In order for SQRL to work a person has to download an app to their phone or computer (SQRL app) and choose a master password. This password is the only one you’ll ever need and it should be a good strong unique password for this system to be effective. This password will be run through what’s called a hash function which produces what seems to be a bunch of random characters. This bunch of seemingly random characters will be called your Master Key.

Logging into a Web Site

When a person goes to a web site that uses SQRL the site will present a QR code and/or link to a web site address. Here’s an example of what you might see on a web page:

Example SQRL QR CodeClick Here

You scan this QR code with your smartphone using the SQRL app and the app will communicate with the web site separately and you would be logged in. No usernames or passwords are ever typed into any form fields. The same login method can be accomplished, if you’re at home or using a trusted computer, by installing an app or browser extension that performs the same task by clicking on the link.

How is this Done?

This QR code is just a graphical representation of the text of a link. Here’s the actual link that created the QR code above, https://www.example.com/sqrl?7b514d3f1d60e848d0b9cc024b9af0c98a92c60c04849771282a322e765f665a. If you scan the QR code with a bar code scanner app on your smart phone this is what you’ll see.

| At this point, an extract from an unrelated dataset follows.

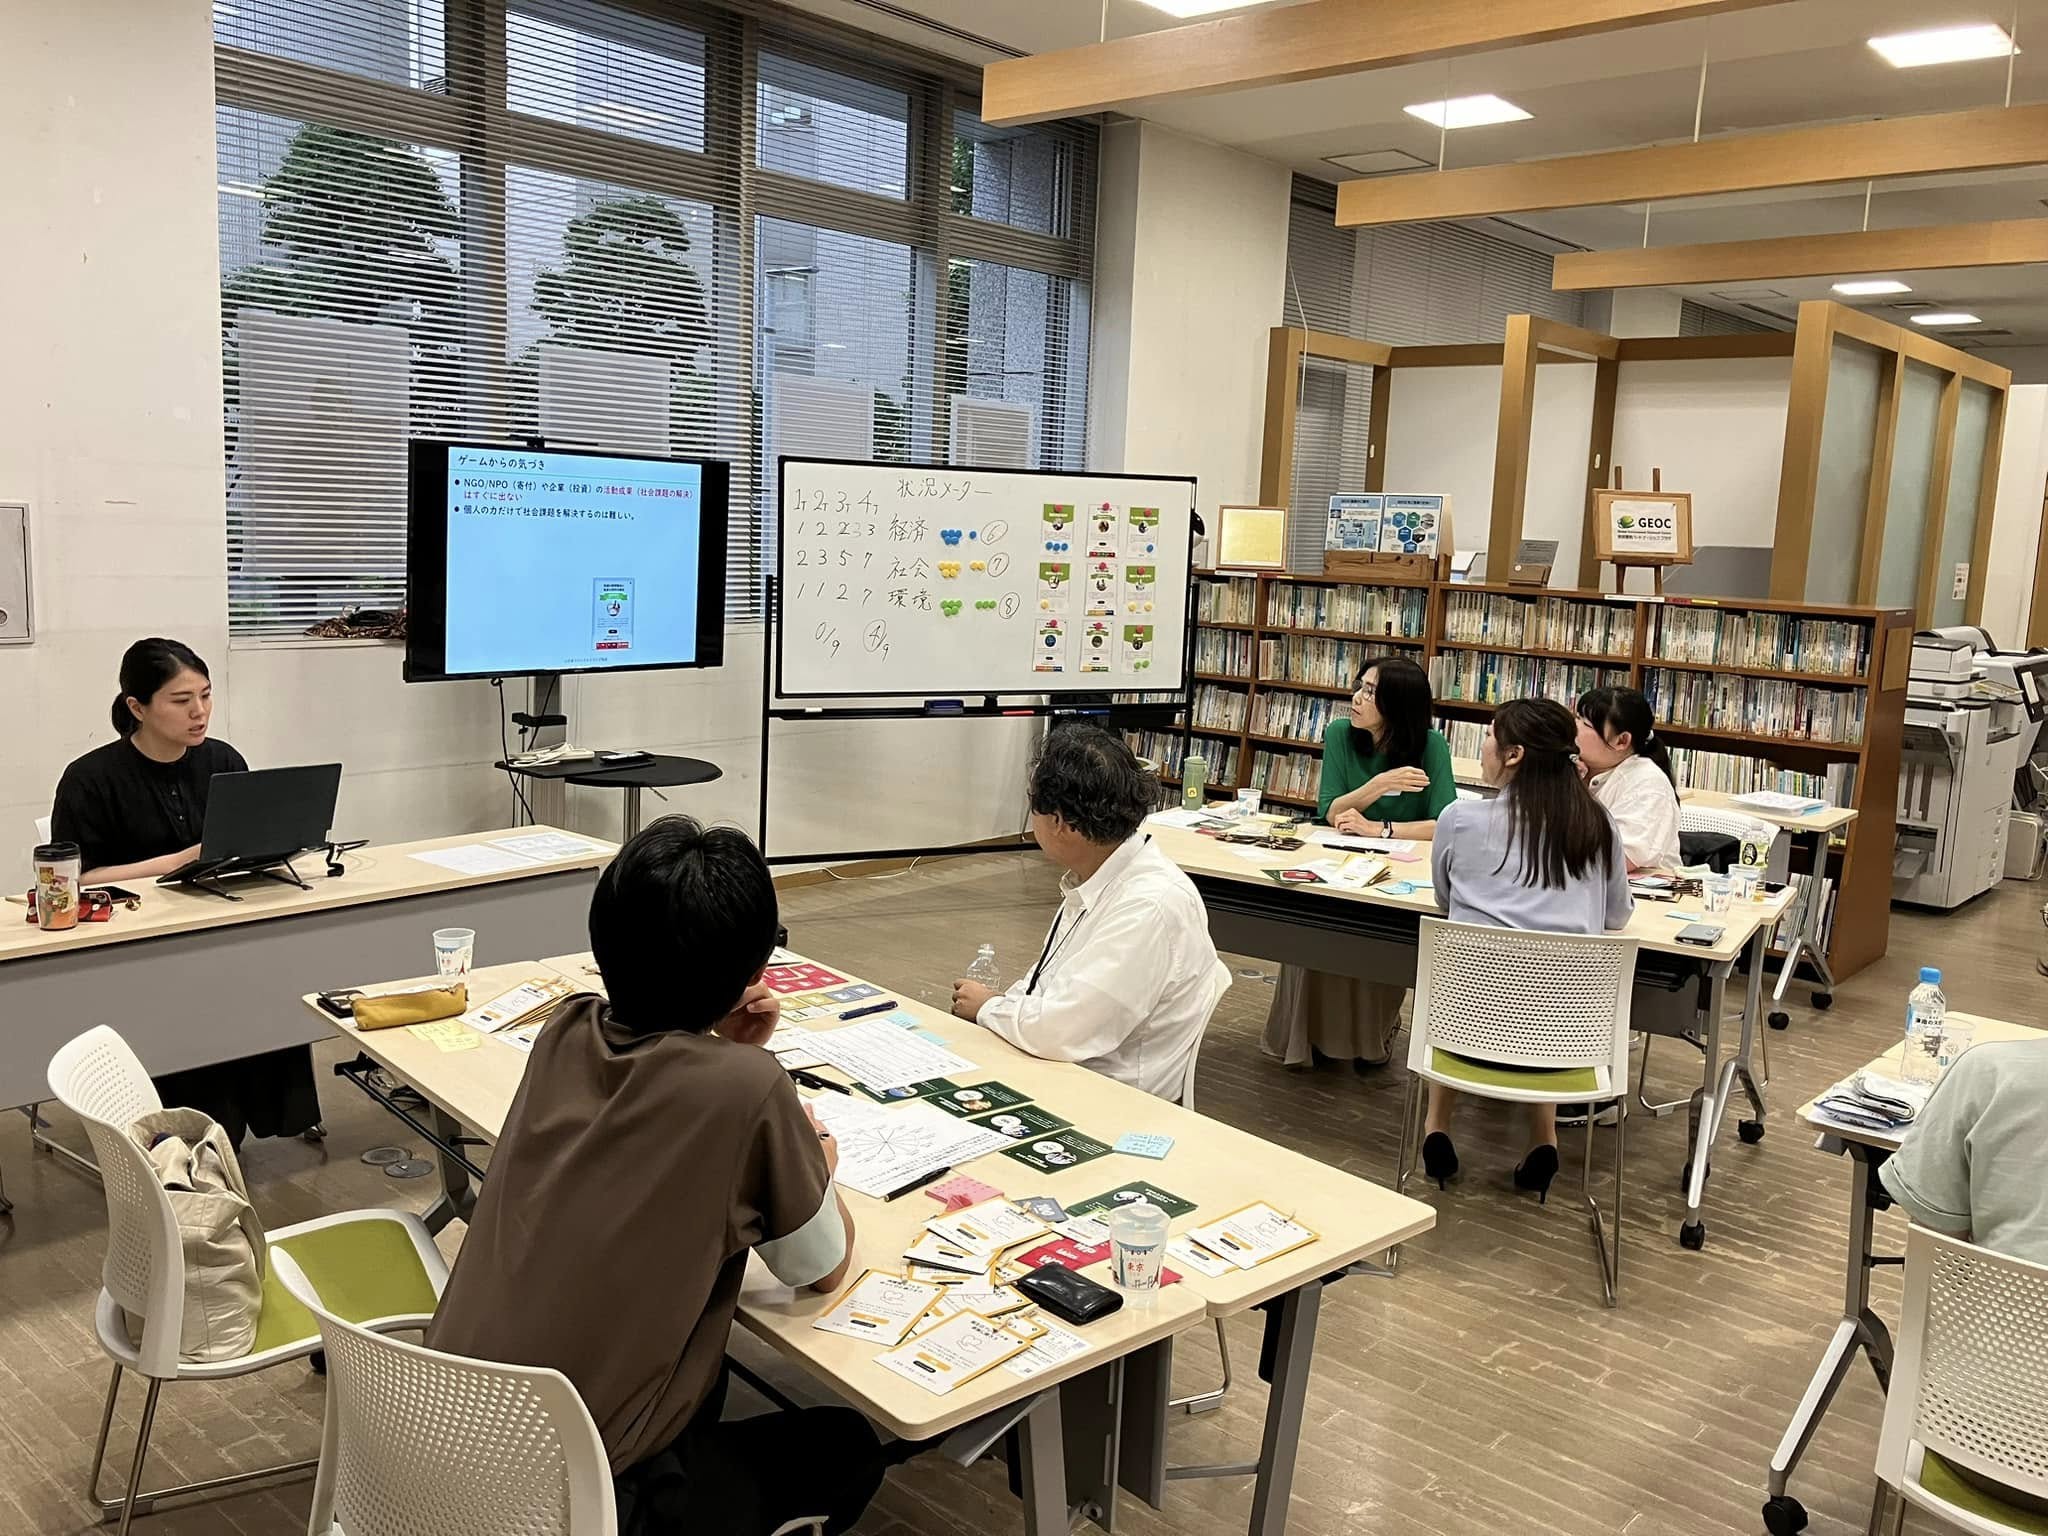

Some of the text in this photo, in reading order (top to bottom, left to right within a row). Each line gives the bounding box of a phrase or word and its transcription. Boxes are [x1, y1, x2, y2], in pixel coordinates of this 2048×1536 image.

The random set of characters you see after the question mark in the link is a random number that the web site will create and this number would be unique each time anyone visits that login page.

The SQRL app will take the web site address (www.example.com), combine it with your Master Key, and run them both through a hash function to create two new keys. One that is public and one that is private. The public key ends up being your user ID and the private key temporarily stays in your SQRL app.  The string of characters below is an example of what might pass as username.

a61dc96734eff25c01b332d3c0e3354270d2829533a2607321112bee5922d8ee

The great thing about hashing is that no one can take the number above and go backwards to find your Master Key. But, you can take the web site address, combine it with your Master Key, run them through a hash the same way and produce the same string of characters every time. So it’s a one way street.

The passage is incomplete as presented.